Notable events during his 18 years with Life include:

To illustrate an essay on the "World of Animals," he blindfolded a rattlesnake and stuffed cotton in a shark's nostrils.[5]
He reported the social effects of the dictatorship in Portugal during 1937.[5]
While on one of the first transatlantic commercial flights, aboard a Boeing flying boat, Hoffman had Archduke Otto von Habsburg hold his flashes while photographing the plane's interior. The flight took 19 hours to travel from New York City to the Azores in Portugal.[5]
Hoffman covered actor John Barrymore a number of times. During a performance of Barrymore's last play, My Dear Children, the actor had to run out on stage and kiss his then new wife, Elaine Barry, and run off stage again. With Hoffman in the audience, Barrymore performed the bit as usual, but then without any warning ran back out onto the stage and shouted to Hoffman, "Did you get that picture, Bernie?"[3]
In one day, Hoffman was given assignments with short deadlines in three different states. Editor Wilson Hicks gave him the advice, "If this is too tough, you can always cut your throat." Hoffman chartered a private plane to cover a rifle match, Gold Cup motorboat races, and a thigh operation.[3]
One of Hoffman's most cherished memories were that of poet Carl Sandburg, a man Hoffman referred to as "the only genius I have ever met." He and Sandburg became close friends, and Hoffman's photos of Sandburg singing to his goats in the living room became an instant classic Life photo essay in the February 31, 1938 issue,[6] om which Hoffman also received a cover photo credit.
The sculpture The Kiss, by Auguste Rodin, got Hoffman and Life in some trouble. His layouts on the art exhibition came out so lifelike that the magazine was temporarily banned in Boston and Argentina on morality grounds.[5]
Dropped via parachute behind enemy lines in the Burmese jungle in 1943, Hoffman brought back the story of the trapped battalion of Merrill's Marauders.[7] On the way to the drop destination, Japanese Zeros shot the wheels off the plane he was in, which diverted the flight to a clearing behind the lines. Of the 500 men in the Marauders, only Hoffman and 35 others emerged from the jungle.[5] Back home, his wife and Life editors had no word on his whereabouts for over eight weeks.[3] Of this event, Hoffman quipped, "Risk? There was no risk, I had my press card!"
To take a dangerous photo sequence of a 500 lb. bomb detonating, Hoffman placed his camera two and a half feet from the center of impact. When the bomb left the plane, he pressed the automatic shutter release and ran. The bomb exploded only 20 feet away from him, and when the dust cleared, he found the bomb had hit precisely where it was supposed to, getting Hoffman accolades for the innovative shots featured in Lifes November 15, 1943 issue.[8]
Hoffman was on board the first low-level B-29 air raid on Japan.[1]
On special assignment, Hoffman was the first American photojournalist on the ground in Hiroshima and Nagasaki in 1945, recording the devastating effects of the atomic bomb blasts while the peace agreement was being signed aboard the USS Missouri.[3][5][7] The results were featured on the cover, an in-depth photo essay, and as "Picture of the Week" in Life's October 15, 1945 issue.[9] One tragically ironic photo captured the image of a seven-year-old's skeleton lying in the debris of her home, while a fragile vase sat untouched next to the body.[5]
As a correspondent under the watch of Major Tex McCrary, Hoffman was permitted to photograph the horrors of German's concentration camps. Said Hoffman of this assignment, "I try not to feel anything when I am taking pictures of something unpleasant. I detach myself and concentrate on the picture. After seeing the camps, many of the war correspondents wanted to stop right there, but it was important to continue and record everything."[5]

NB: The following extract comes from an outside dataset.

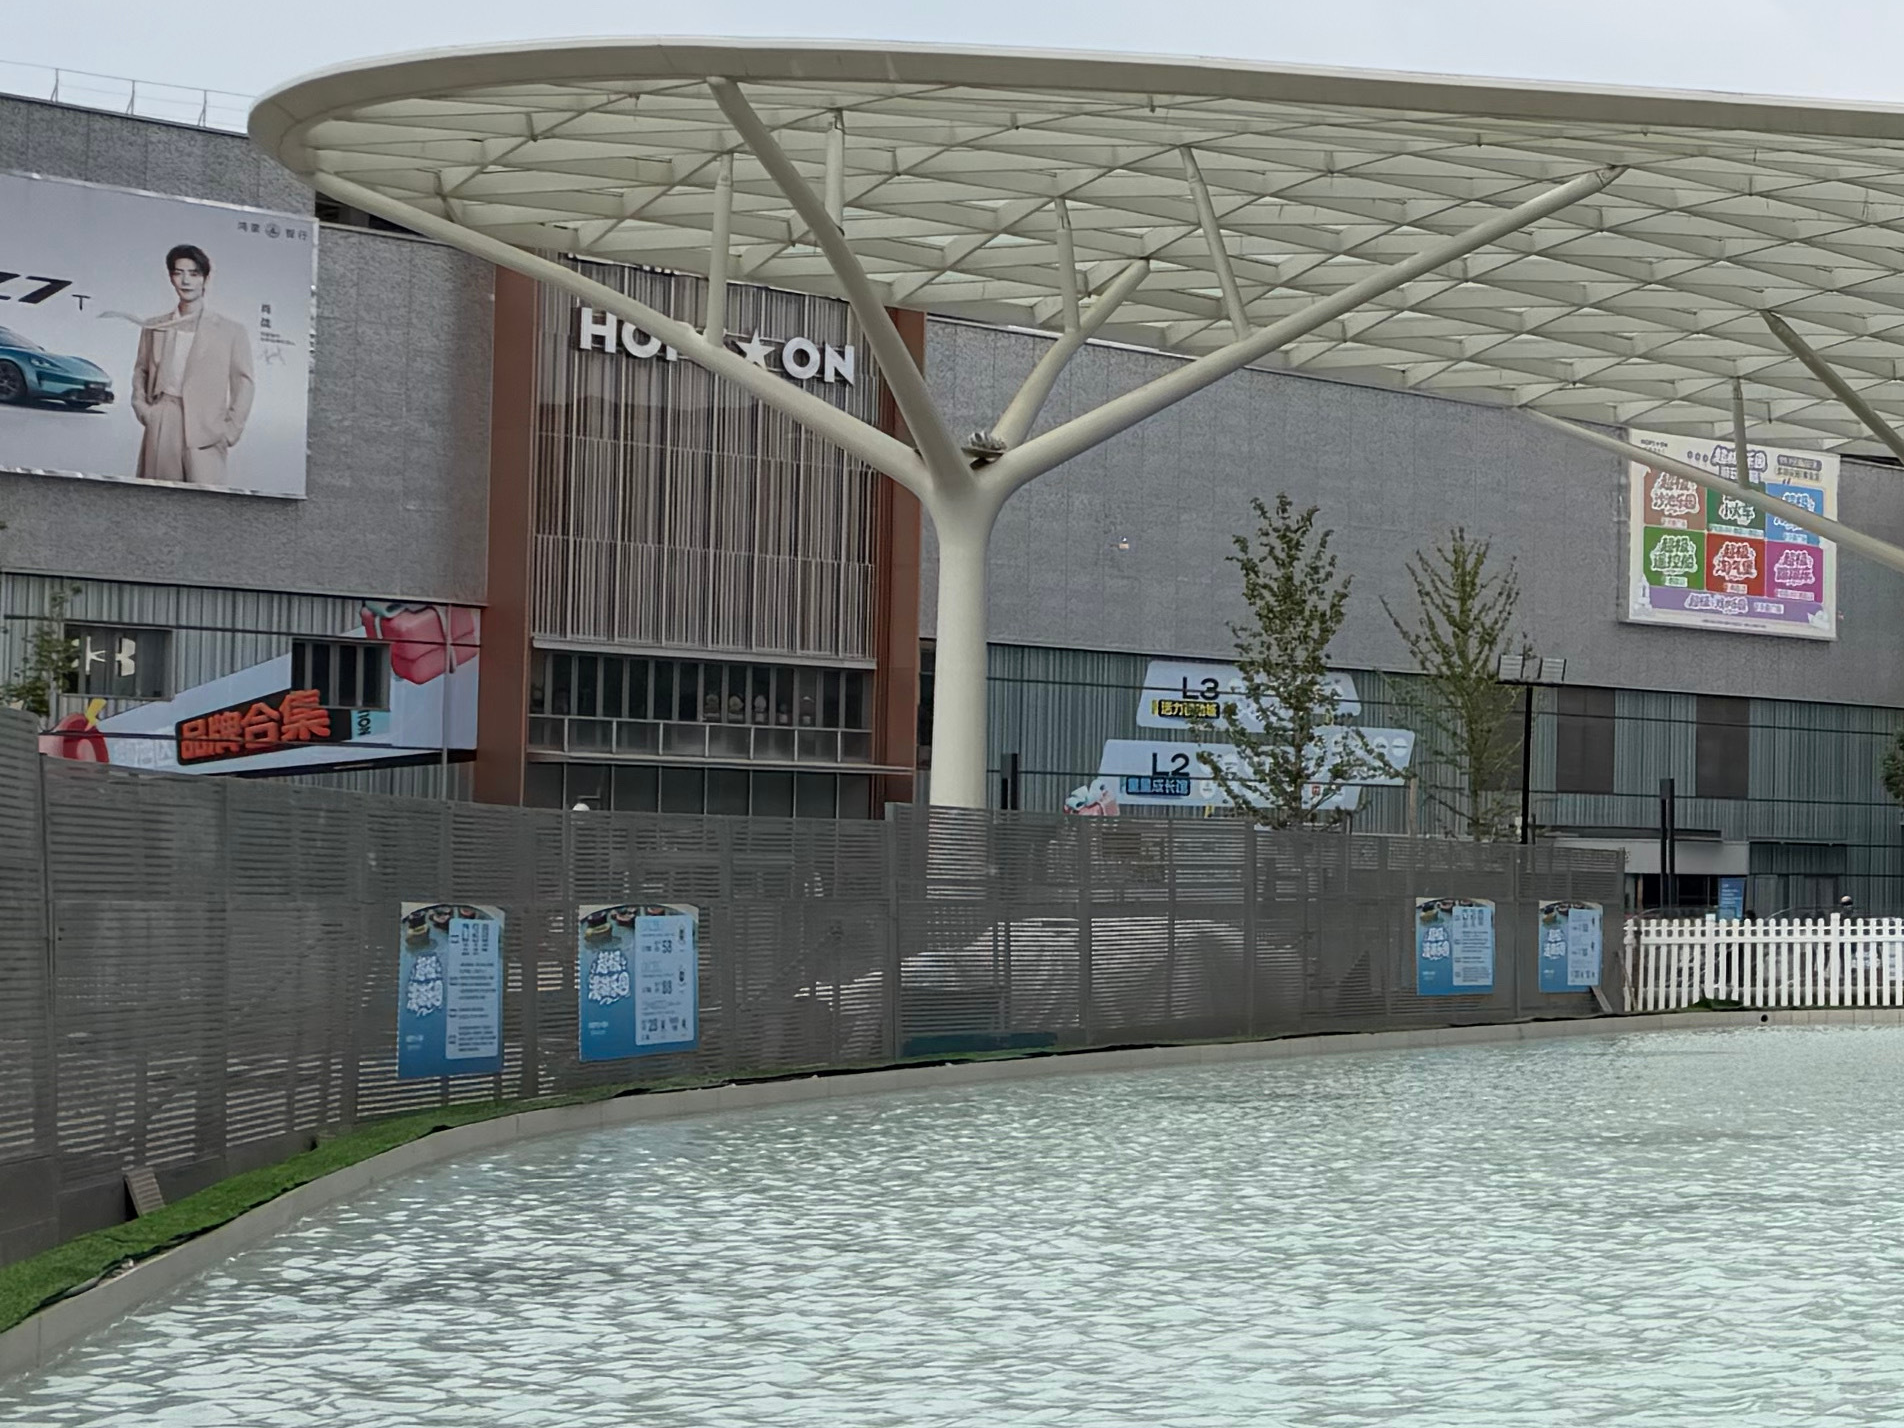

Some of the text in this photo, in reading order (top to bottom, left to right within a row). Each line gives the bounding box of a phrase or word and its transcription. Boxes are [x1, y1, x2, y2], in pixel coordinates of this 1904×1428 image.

[1182, 676, 1220, 700] L3
[179, 689, 332, 761] 品牌合集
[1151, 753, 1190, 776] L2

Of Hoffman's photography in covering the war in the China-Burma-India Theatre, General "Vinegar" Joe Stilwell said, "It is the best collection of pictures of this type that I have ever seen."

Hoffman left Life in 1951 to pursue freelance photojournalism.[1]

Bernard Hoffman Laboratories and the JFK Assassination

Without the resources of Lifes labs behind him, Hoffman very quickly found dissatisfaction with the development labs available to freelance and professional photographers. To remedy this, he founded Bernard Hoffman Laboratories (BHL), with the goal of providing the highest possible quality prints from negatives of all sorts.[7]

BHL set an aggressive pace towards improving the technology of photography, and was earmarked as "one of the two most interesting and progressive labs going" by Minor White. The lab made several noteworthy additions to the field, including chemical formulas that made it possible to shoot full detail motion photos in low illumination, a montage process for combining many photographs without the need of airbrushing, a new lens design with the ability to focus from four inches to infinity, and process of bringing detail to badly under-exposed negatives.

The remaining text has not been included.